If you've spent any time in northern California it smacks hard that you're in the kingdom of the freak
show.
Things go on in those woods and trailer parks that won't be done here for a couple hundred years.
And some things done there have been going on since the explorers first came to town, ready to
slaughter.
Randy Rutherford's charming monologue about growing up in Weaverville, California, on Highway
299 near Shasta Lake, hints at this dark world, full of incredible detail while showing the healed scars
of an oft-broken heart. Above all, despite the demons, you can tell he loves it more than anything in
the world. It's a love story with the last chapter perfectly missing.
Like all ‘50s survivors, Rutherford explores the hypocrisy of visions of the forced nuclear family:
mom in the kitchen, dad smoking a pipe and tossing the ball with his kids, a dog barking and the whole
gang laughing in freeze frame as the credits roll.
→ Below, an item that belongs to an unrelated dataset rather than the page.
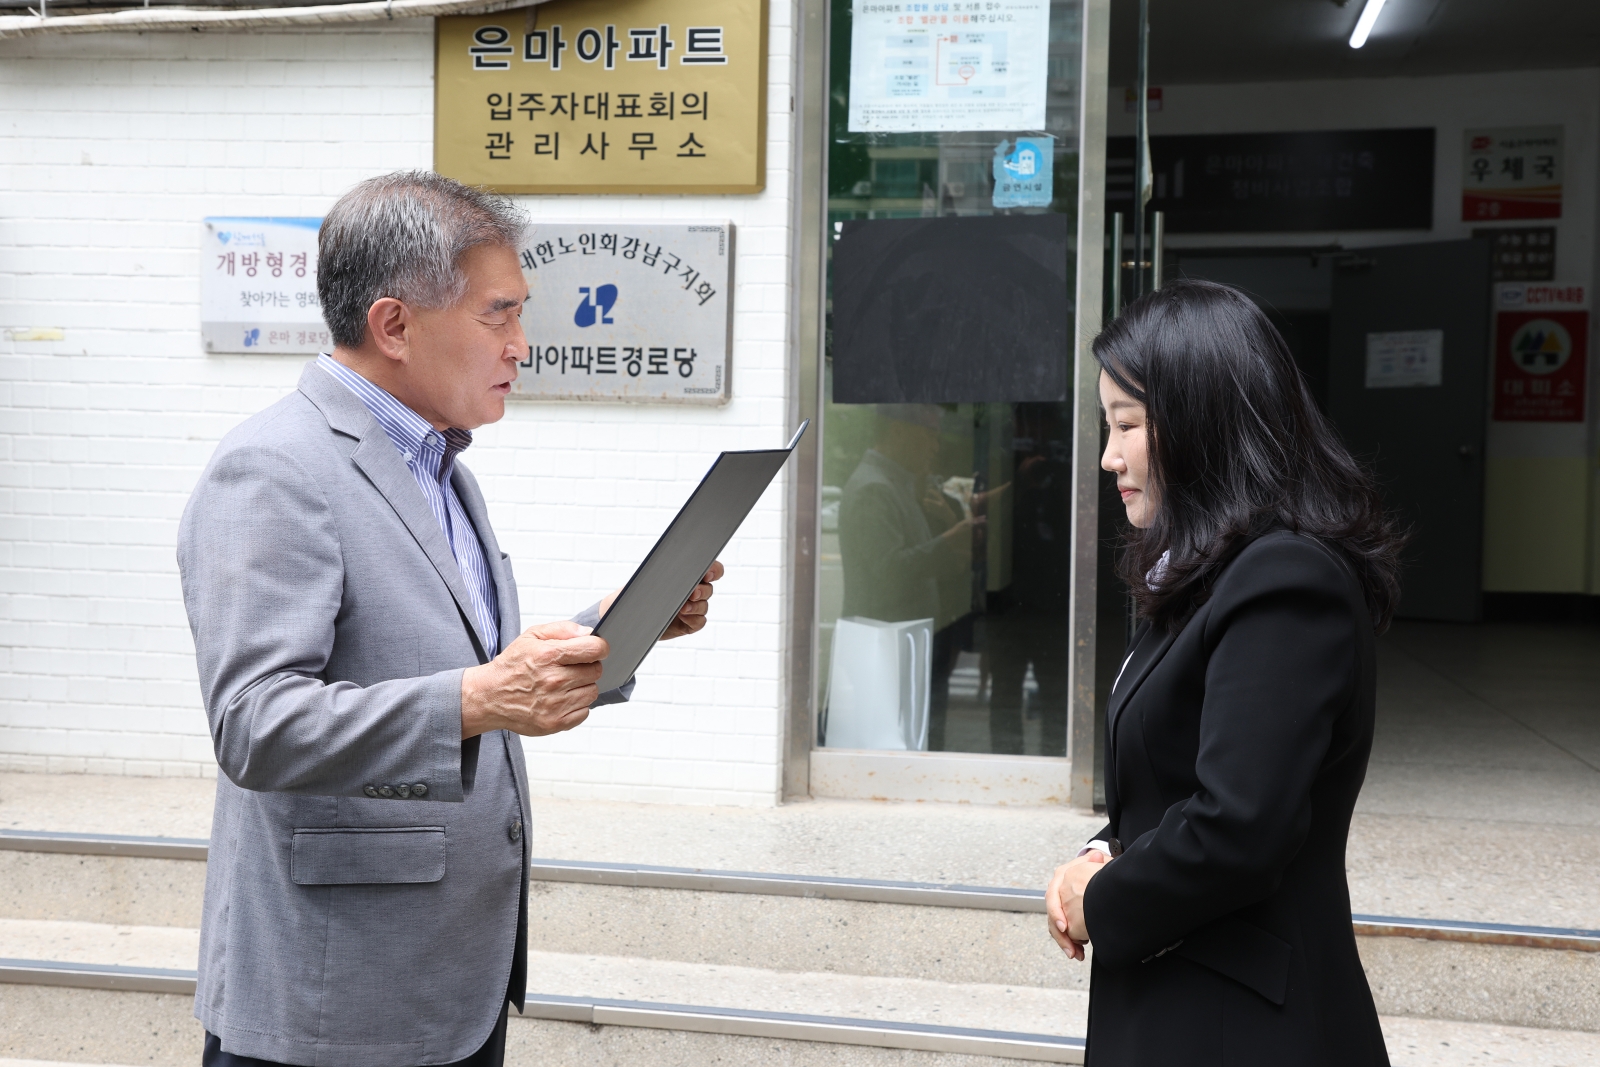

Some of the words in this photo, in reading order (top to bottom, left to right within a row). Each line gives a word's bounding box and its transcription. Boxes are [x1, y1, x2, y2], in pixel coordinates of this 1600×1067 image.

In his case, reality was his plump mom enduring and overcoming the barbs of Lou, his drunken skunk
of a stepfather. And, in less than a couple hours, we see their whole story play out. Marvelous
storytelling, really.
But, of course,
what really makes this play fly is the portrait of the entire town, trailer park and all. It's
nothing short of damn inspiring, and makes you take deeper note of the spitting cuckolds, street musicians
and bosses with bad hair in
your life, so you too can shake up the ghosts for others when the time
comes.
With details like blue eyes the color of mountains when they're really far off, you know you'd better
get reading more to match Rutherford's library of
bull's-eye prose and weaving words.
Summer romance, football games and old-school rebels standing up to the law - it's all cliche.
But Rutherford breathes such life into it you can't use that word. Monolithic archetype. That's more
accurate.
Interspersed with pre-rock and roll songs (still can't get Moon River out of my head), Rutherford's
nostalgia runs deep, and
if anything his music is the most beautiful part, just the man there on the stage,
pouring out his heart about loves that washed away with the eternal tide.
When it's over, you feel like you're good friends with the man, and it's heartbreaking to walk by him
later and have him not recognize you. This, then, is the genius of simple narration gone right.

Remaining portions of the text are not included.